:: What you are asked to do ::
Below are the records; give again exactly the lines that run from the one with "this 1600×1200 image." through the last line.

Images for object localization:
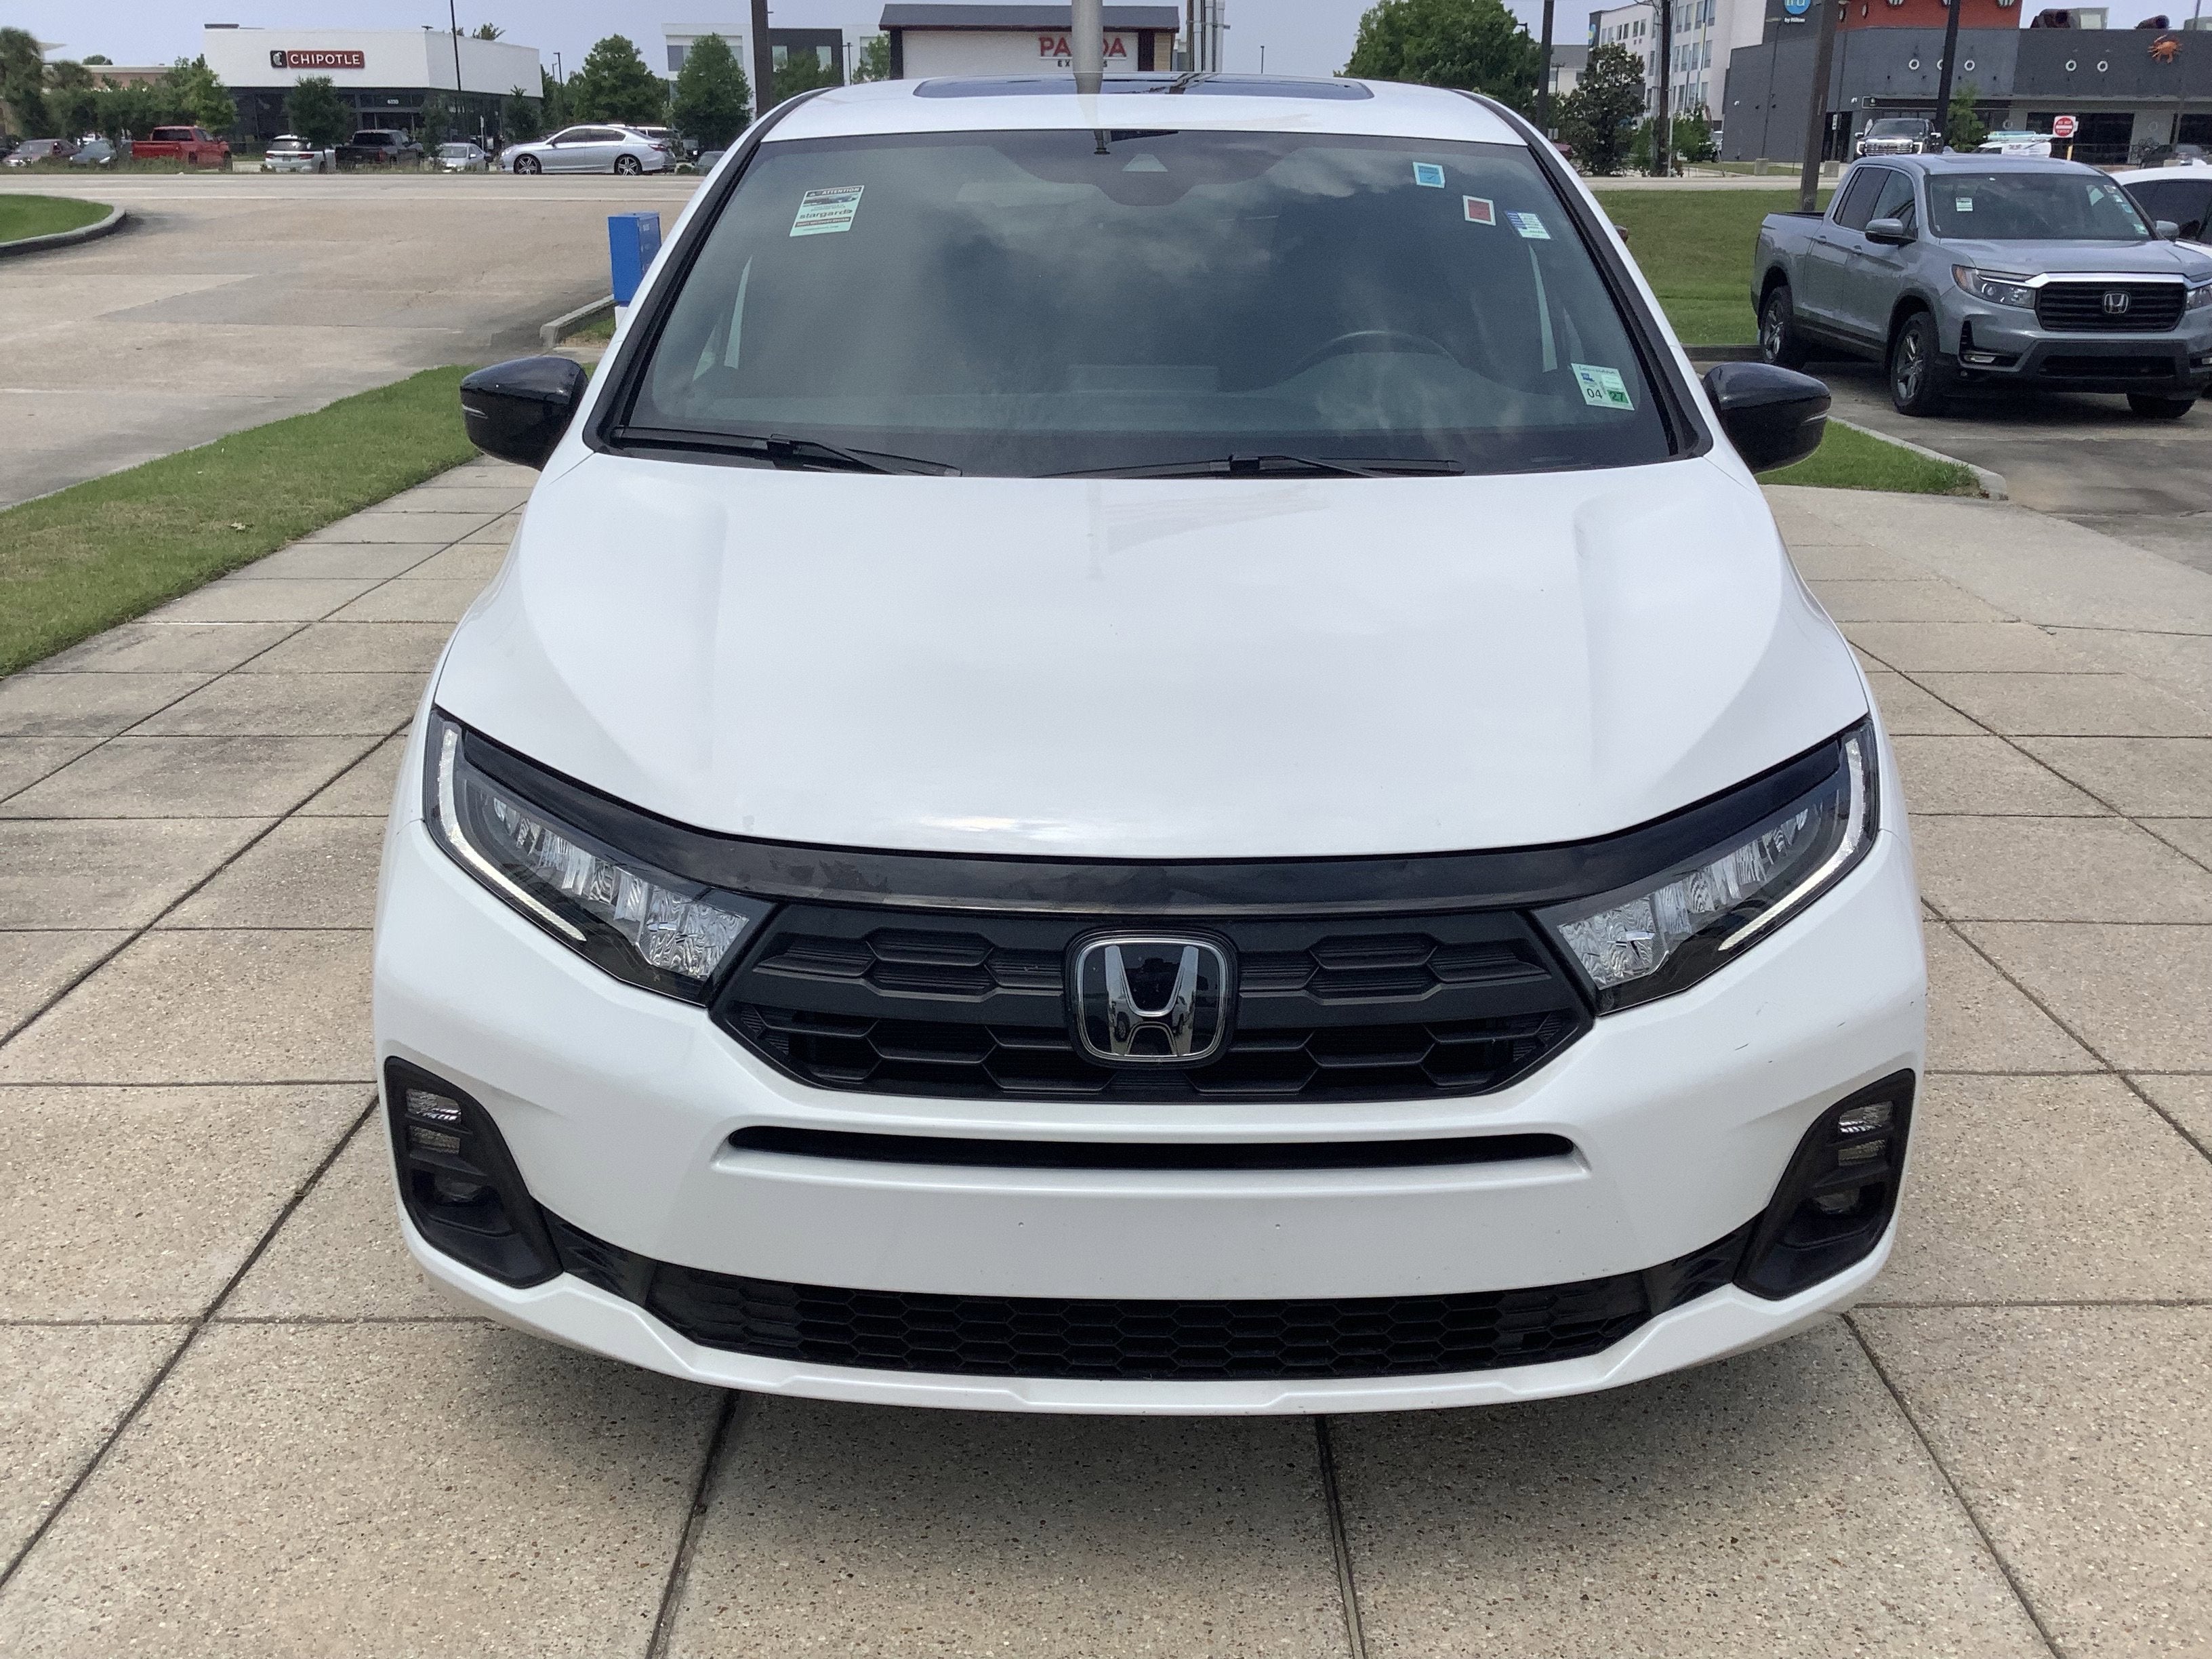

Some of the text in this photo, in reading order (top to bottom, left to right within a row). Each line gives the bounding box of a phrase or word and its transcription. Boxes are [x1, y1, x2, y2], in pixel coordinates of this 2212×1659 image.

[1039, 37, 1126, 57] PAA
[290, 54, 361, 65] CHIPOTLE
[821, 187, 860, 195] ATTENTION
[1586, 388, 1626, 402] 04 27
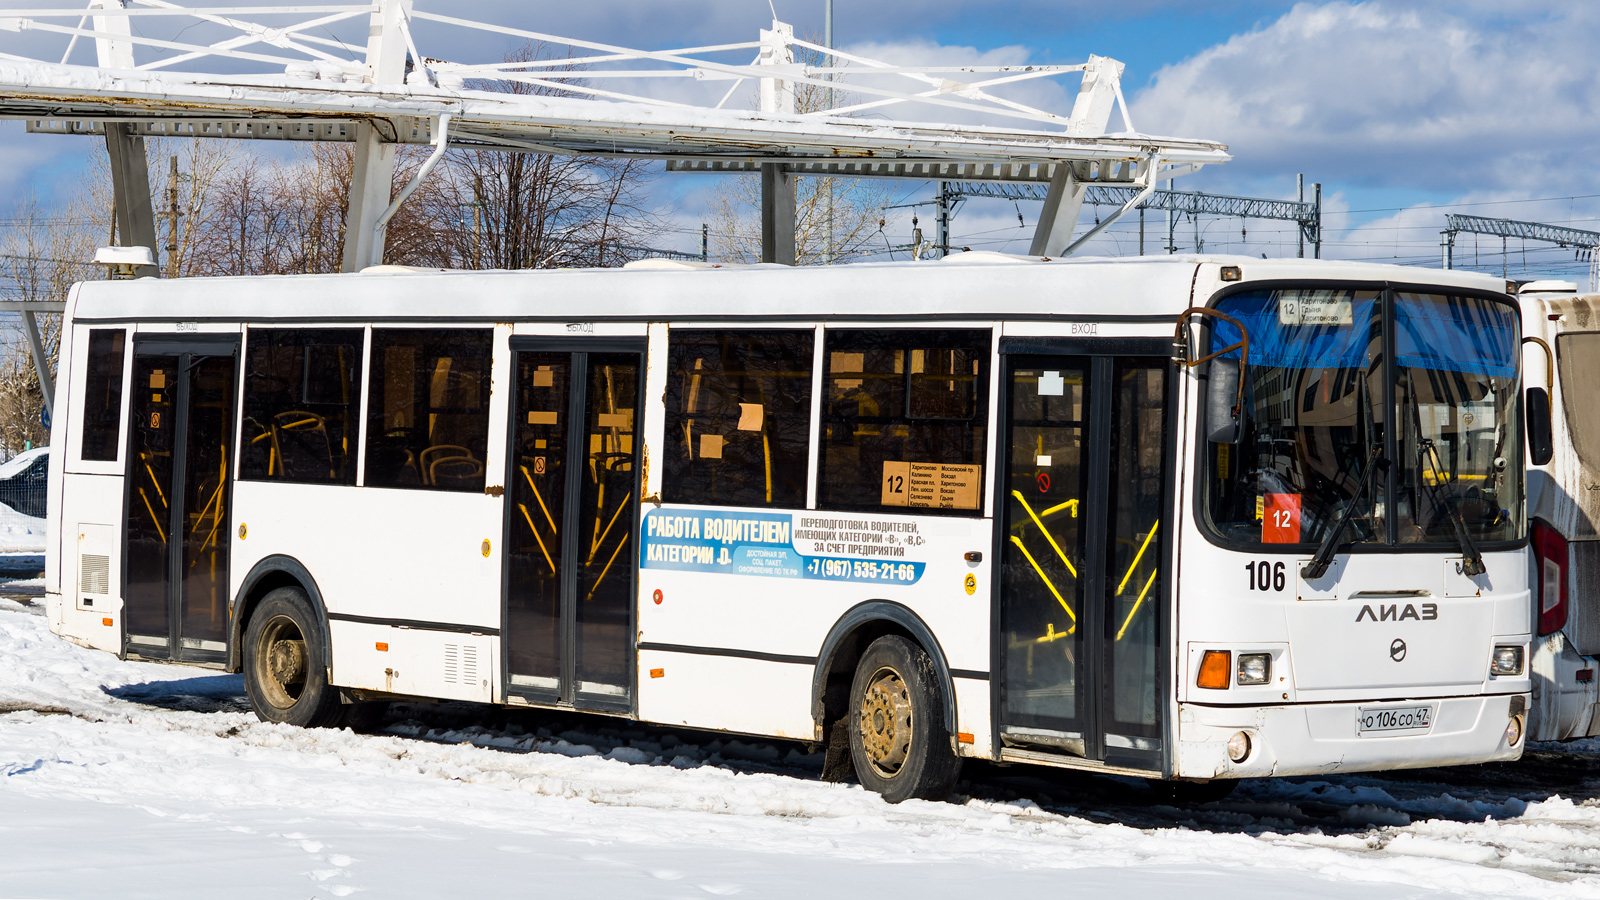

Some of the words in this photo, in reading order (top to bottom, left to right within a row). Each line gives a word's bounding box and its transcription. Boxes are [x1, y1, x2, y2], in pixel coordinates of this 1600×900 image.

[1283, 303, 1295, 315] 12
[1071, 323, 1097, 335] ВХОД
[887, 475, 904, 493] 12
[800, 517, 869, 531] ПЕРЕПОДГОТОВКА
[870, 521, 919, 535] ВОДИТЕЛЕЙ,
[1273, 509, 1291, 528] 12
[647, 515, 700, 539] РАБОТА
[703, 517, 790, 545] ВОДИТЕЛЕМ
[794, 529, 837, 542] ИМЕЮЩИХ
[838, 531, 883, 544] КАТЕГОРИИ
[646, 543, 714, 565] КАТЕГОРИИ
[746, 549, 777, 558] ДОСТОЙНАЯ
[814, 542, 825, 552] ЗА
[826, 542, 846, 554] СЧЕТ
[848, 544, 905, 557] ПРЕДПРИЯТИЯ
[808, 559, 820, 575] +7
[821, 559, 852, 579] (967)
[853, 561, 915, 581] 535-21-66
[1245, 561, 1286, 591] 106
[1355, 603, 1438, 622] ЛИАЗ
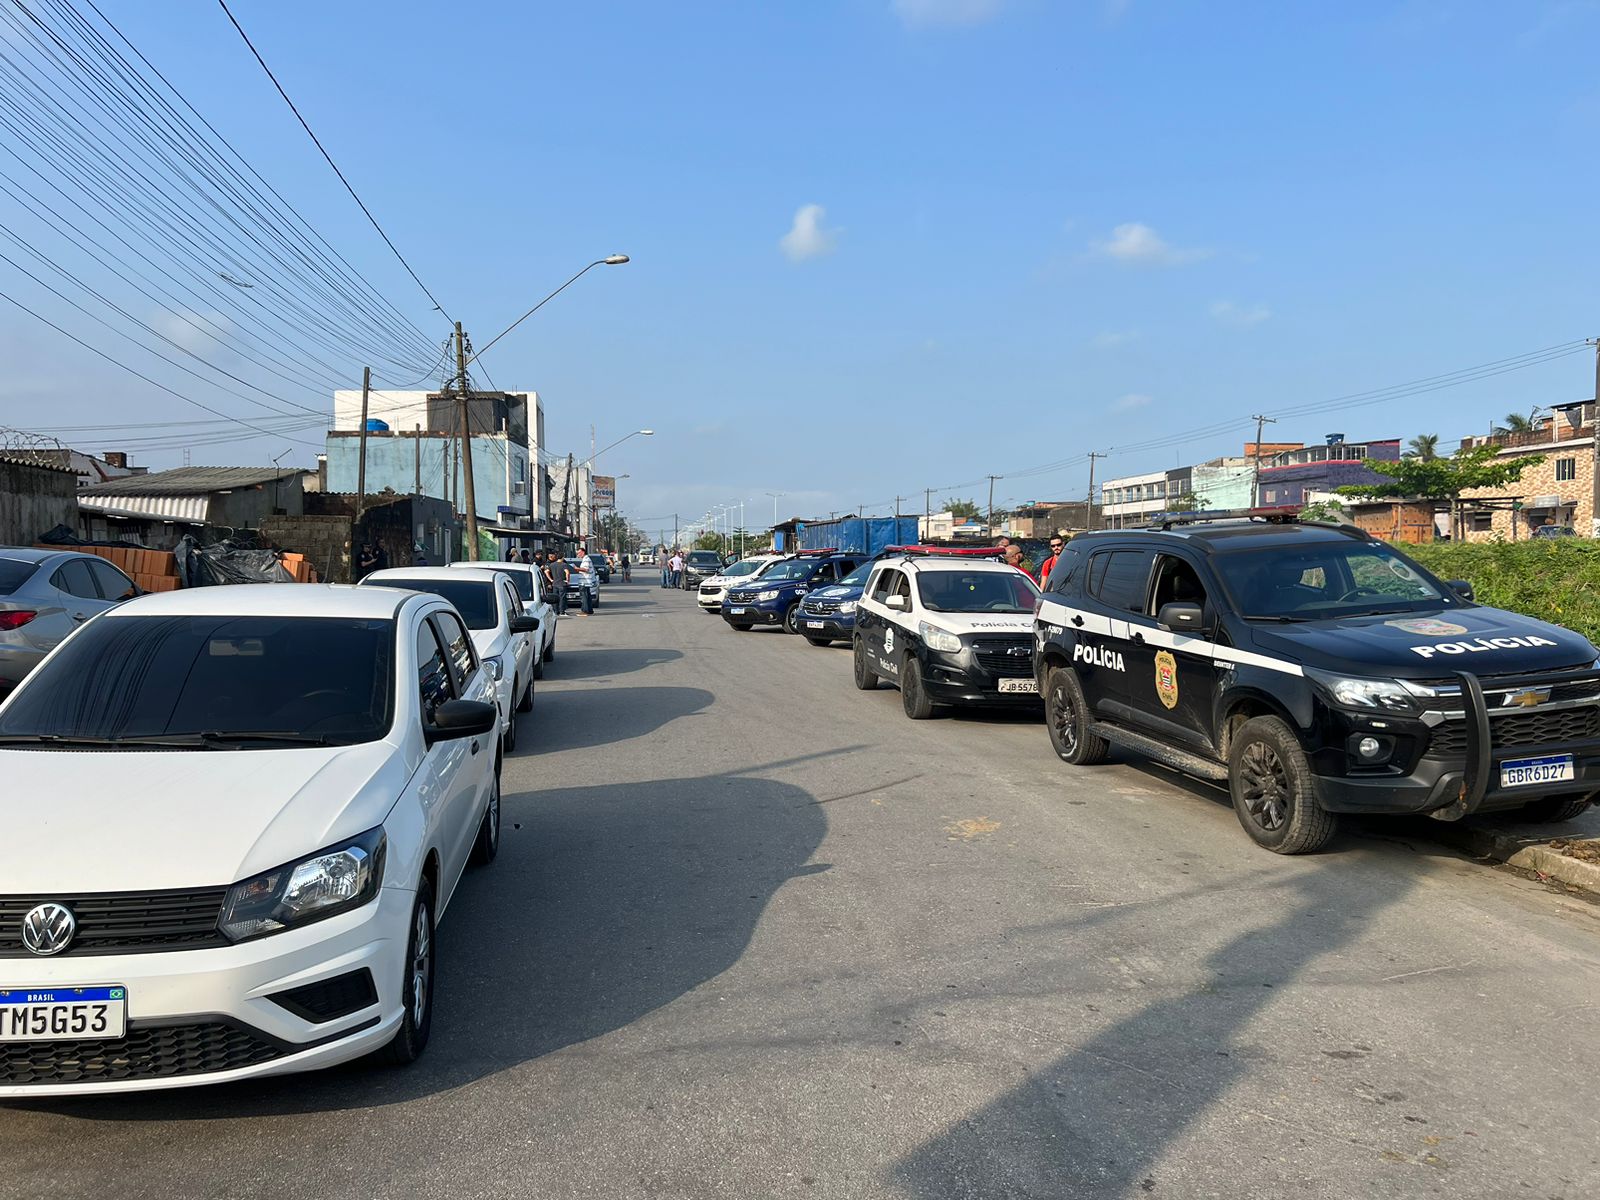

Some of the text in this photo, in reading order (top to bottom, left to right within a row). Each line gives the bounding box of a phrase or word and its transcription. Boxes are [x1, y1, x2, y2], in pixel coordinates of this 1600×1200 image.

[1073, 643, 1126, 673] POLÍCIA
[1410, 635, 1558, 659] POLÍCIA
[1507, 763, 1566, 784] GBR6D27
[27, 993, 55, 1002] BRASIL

:: Task answer ::
Some of the text in this photo, in reading order (top to bottom, left to right within a row). Each line gives the bounding box of a phrase or word and its transcription. Boxes are [x1, y1, x2, y2], in pixel coordinates of this 1600×1200 image.

[1073, 643, 1126, 673] POLÍCIA
[1410, 635, 1558, 659] POLÍCIA
[1507, 763, 1566, 784] GBR6D27
[27, 993, 55, 1002] BRASIL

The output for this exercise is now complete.